Data for review: Begin

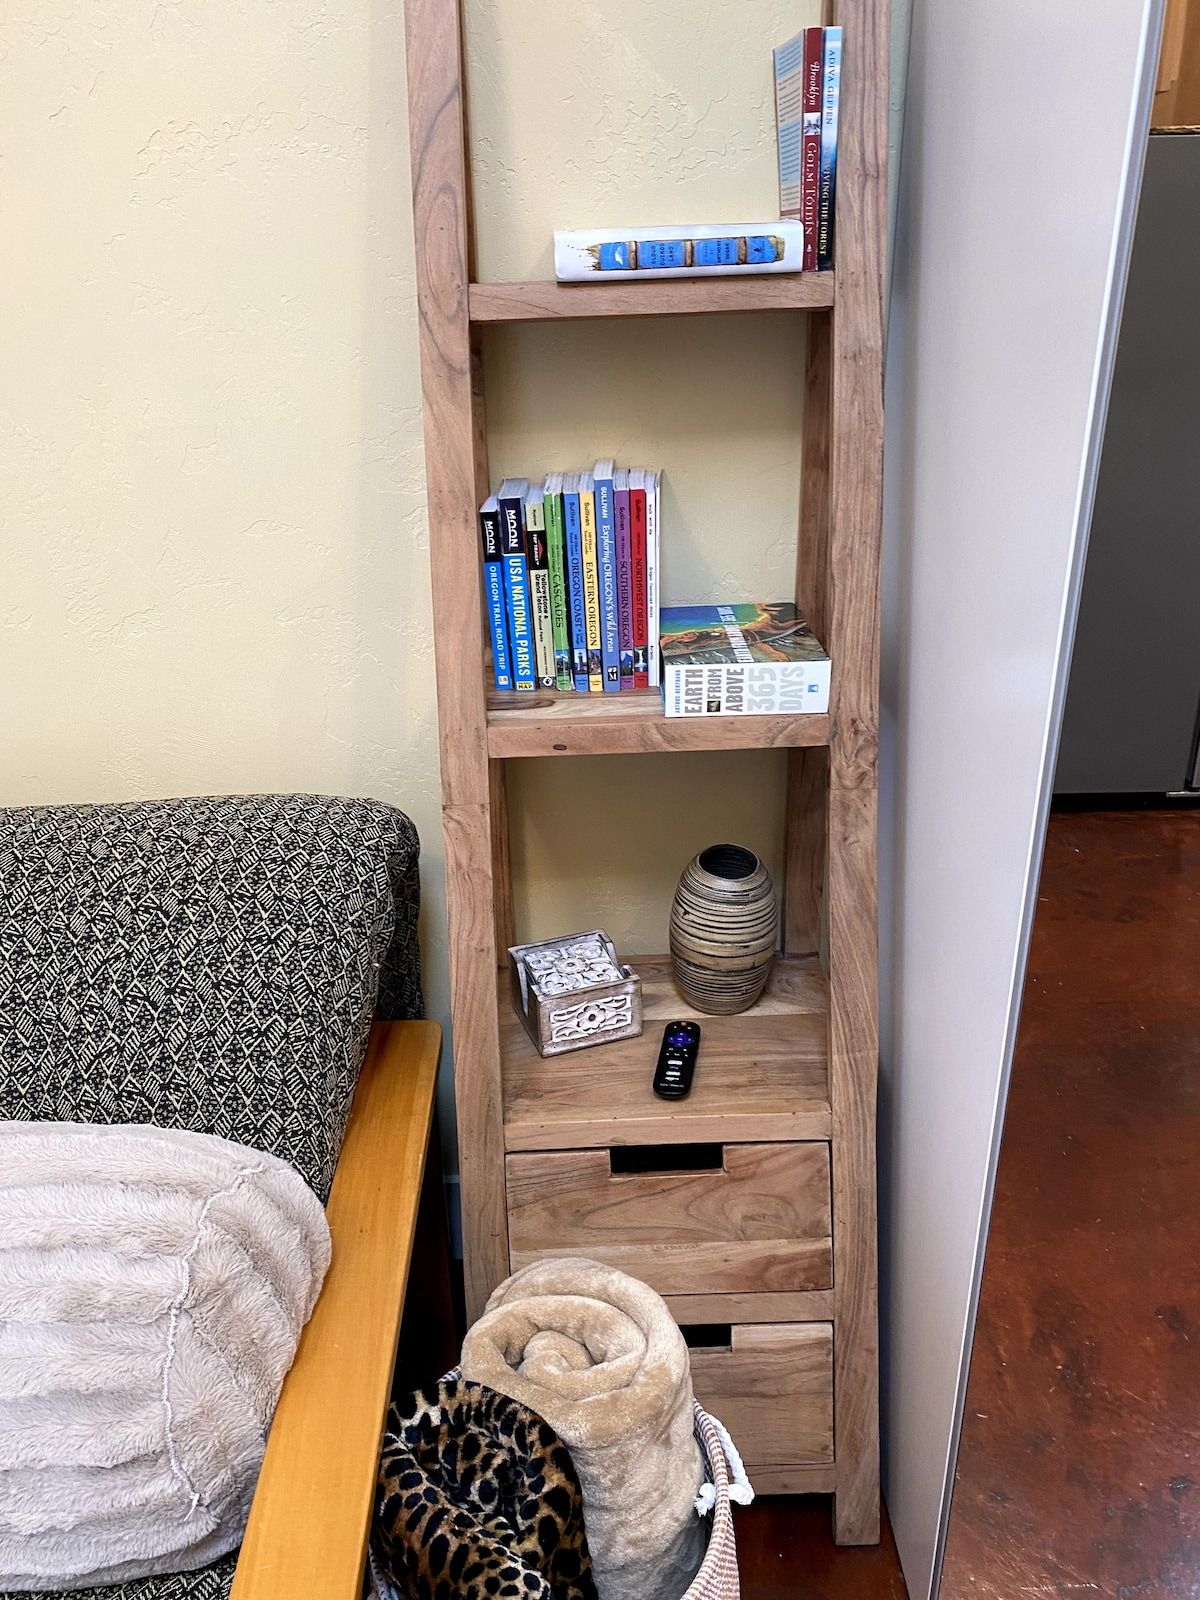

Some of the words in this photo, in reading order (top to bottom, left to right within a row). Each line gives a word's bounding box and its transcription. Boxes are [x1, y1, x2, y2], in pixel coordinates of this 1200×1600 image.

[808, 61, 821, 106] Brooklyn
[826, 49, 837, 82] ADIVA
[825, 86, 836, 126] GEFFEN
[805, 142, 818, 182] COLM
[820, 201, 829, 220] THE
[819, 222, 829, 256] FOREST
[569, 501, 577, 527] Sullivan
[600, 486, 609, 519] SULLIVAN
[485, 520, 497, 555] MOON
[505, 509, 519, 548] MOON
[600, 525, 614, 563] Exploring
[489, 565, 500, 601] OREGON
[509, 558, 523, 583] USA
[534, 573, 542, 594] Grand
[571, 557, 581, 597] OREGON
[586, 561, 596, 604] EASTERN
[603, 563, 616, 611] OREGON'S
[620, 560, 630, 609] SOUTHERN
[635, 557, 643, 607] NORTHWEST
[511, 585, 528, 638] NATIONAL
[541, 573, 549, 614] Yellowstone
[552, 574, 564, 628] CASCADES
[493, 602, 503, 627] TRAIL
[573, 598, 583, 628] COAST
[588, 606, 598, 647] OREGON
[606, 611, 617, 630] Wild
[621, 610, 631, 648] OREGON
[636, 607, 644, 641] OREGON
[496, 628, 505, 651] ROAD
[516, 640, 531, 676] PARKS
[607, 631, 616, 653] Areas
[497, 652, 506, 671] TRIP
[684, 669, 703, 714] EARTH
[707, 668, 722, 700] FROM
[725, 668, 744, 713] ABOVE
[747, 667, 777, 712] 365
[779, 665, 804, 711] DAYS

Data for review: End

Task brief: What is needed is an exact copy of all the entries above, minus the pictures.

Response to the exercise:
Some of the words in this photo, in reading order (top to bottom, left to right within a row). Each line gives a word's bounding box and its transcription. Boxes are [x1, y1, x2, y2], in pixel coordinates of this 1200×1600 image.

[808, 61, 821, 106] Brooklyn
[826, 49, 837, 82] ADIVA
[825, 86, 836, 126] GEFFEN
[805, 142, 818, 182] COLM
[820, 201, 829, 220] THE
[819, 222, 829, 256] FOREST
[569, 501, 577, 527] Sullivan
[600, 486, 609, 519] SULLIVAN
[485, 520, 497, 555] MOON
[505, 509, 519, 548] MOON
[600, 525, 614, 563] Exploring
[489, 565, 500, 601] OREGON
[509, 558, 523, 583] USA
[534, 573, 542, 594] Grand
[571, 557, 581, 597] OREGON
[586, 561, 596, 604] EASTERN
[603, 563, 616, 611] OREGON'S
[620, 560, 630, 609] SOUTHERN
[635, 557, 643, 607] NORTHWEST
[511, 585, 528, 638] NATIONAL
[541, 573, 549, 614] Yellowstone
[552, 574, 564, 628] CASCADES
[493, 602, 503, 627] TRAIL
[573, 598, 583, 628] COAST
[588, 606, 598, 647] OREGON
[606, 611, 617, 630] Wild
[621, 610, 631, 648] OREGON
[636, 607, 644, 641] OREGON
[496, 628, 505, 651] ROAD
[516, 640, 531, 676] PARKS
[607, 631, 616, 653] Areas
[497, 652, 506, 671] TRIP
[684, 669, 703, 714] EARTH
[707, 668, 722, 700] FROM
[725, 668, 744, 713] ABOVE
[747, 667, 777, 712] 365
[779, 665, 804, 711] DAYS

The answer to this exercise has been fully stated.